Every entry must come back exactly as it was written.

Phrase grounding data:
------

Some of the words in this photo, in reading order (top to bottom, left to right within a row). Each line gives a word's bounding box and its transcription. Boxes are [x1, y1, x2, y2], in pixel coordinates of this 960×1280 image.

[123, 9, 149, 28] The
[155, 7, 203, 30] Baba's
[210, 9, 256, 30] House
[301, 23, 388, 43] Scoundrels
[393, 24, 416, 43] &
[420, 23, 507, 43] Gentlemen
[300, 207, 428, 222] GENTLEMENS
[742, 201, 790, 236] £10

------

◆ **Answer below**:
Some of the words in this photo, in reading order (top to bottom, left to right within a row). Each line gives a word's bounding box and its transcription. Boxes are [x1, y1, x2, y2], in pixel coordinates of this 960×1280 image.

[123, 9, 149, 28] The
[155, 7, 203, 30] Baba's
[210, 9, 256, 30] House
[301, 23, 388, 43] Scoundrels
[393, 24, 416, 43] &
[420, 23, 507, 43] Gentlemen
[300, 207, 428, 222] GENTLEMENS
[742, 201, 790, 236] £10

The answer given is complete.